Exercise requirements: Word for word, print each record, dropping any image it holds.

Records provided:
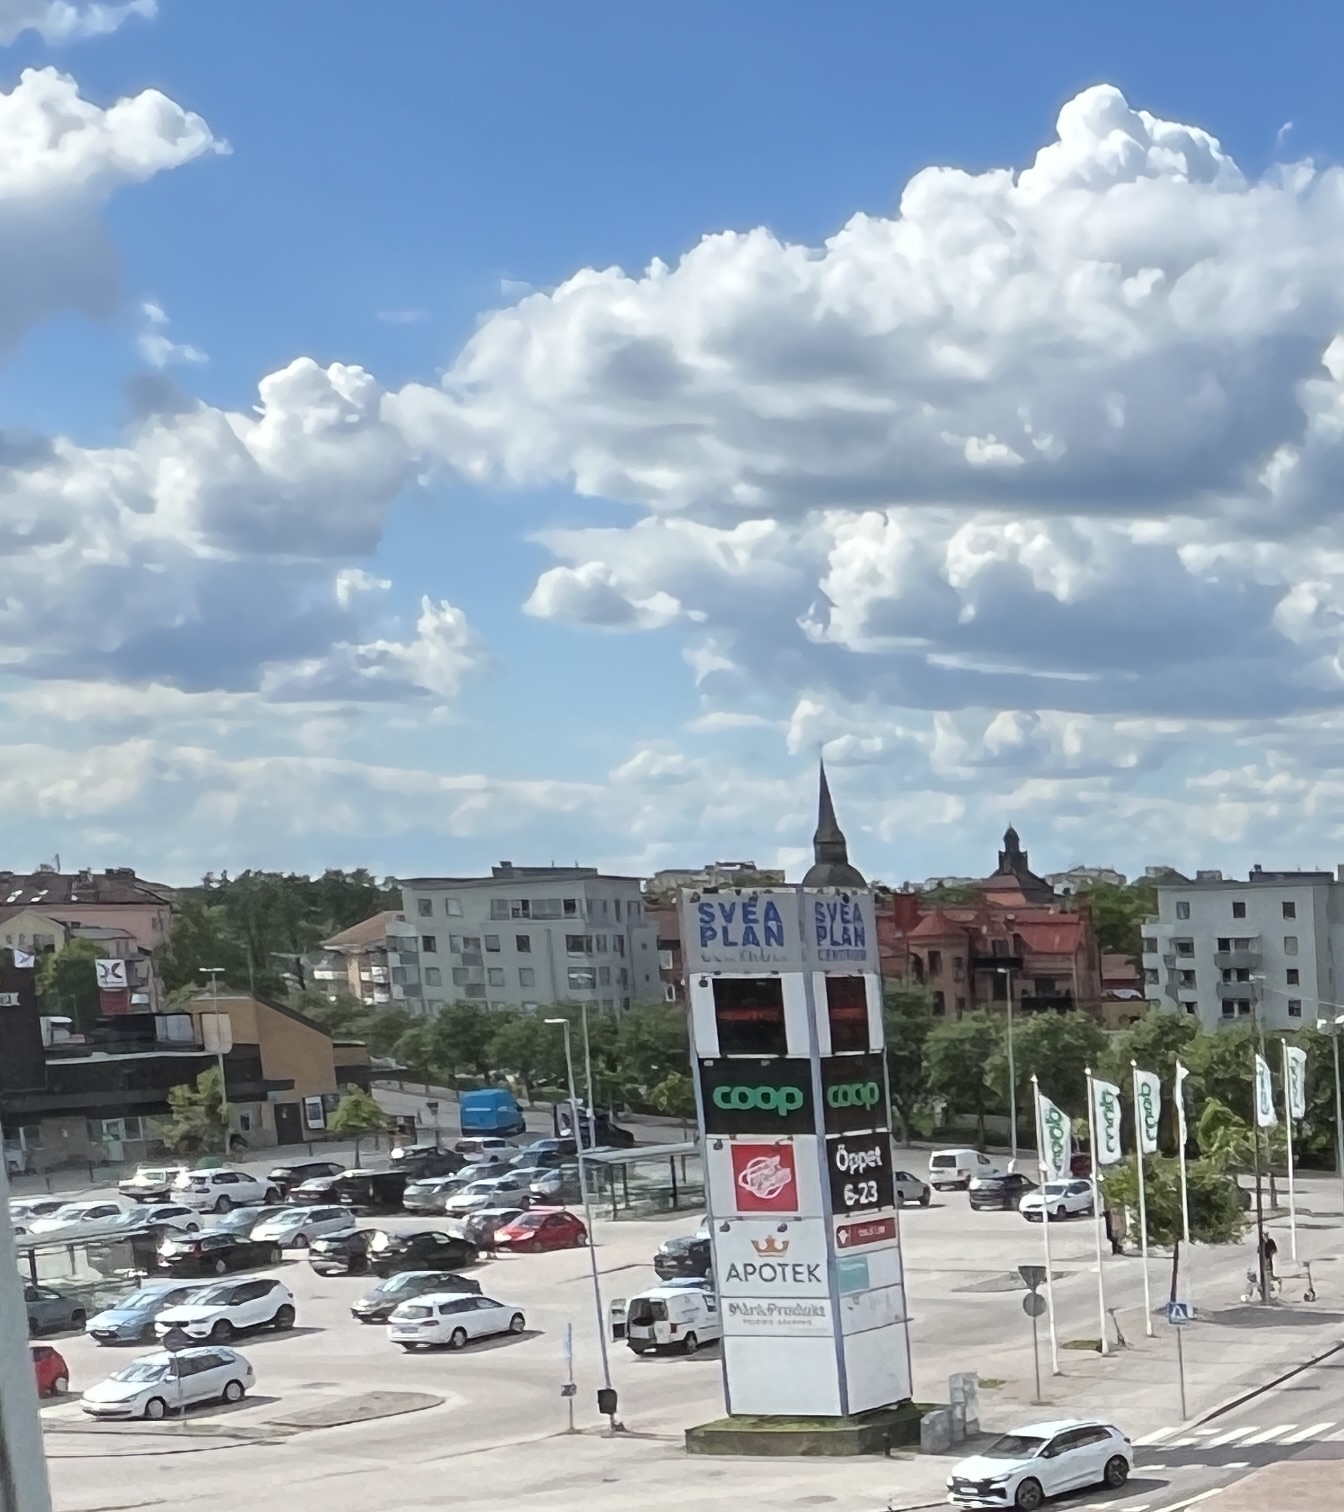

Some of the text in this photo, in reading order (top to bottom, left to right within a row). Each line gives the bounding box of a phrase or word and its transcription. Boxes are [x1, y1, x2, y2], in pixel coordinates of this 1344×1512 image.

[698, 901, 782, 924] SVEA
[814, 901, 863, 924] SVEA
[700, 924, 784, 947] PLAN
[815, 924, 865, 947] PLAN
[713, 1085, 803, 1117] coop
[827, 1081, 880, 1111] coop
[844, 1180, 878, 1206] 6-23
[726, 1262, 822, 1283] APOTEK

Answer section:
Some of the text in this photo, in reading order (top to bottom, left to right within a row). Each line gives the bounding box of a phrase or word and its transcription. Boxes are [x1, y1, x2, y2], in pixel coordinates of this 1344×1512 image.

[698, 901, 782, 924] SVEA
[814, 901, 863, 924] SVEA
[700, 924, 784, 947] PLAN
[815, 924, 865, 947] PLAN
[713, 1085, 803, 1117] coop
[827, 1081, 880, 1111] coop
[844, 1180, 878, 1206] 6-23
[726, 1262, 822, 1283] APOTEK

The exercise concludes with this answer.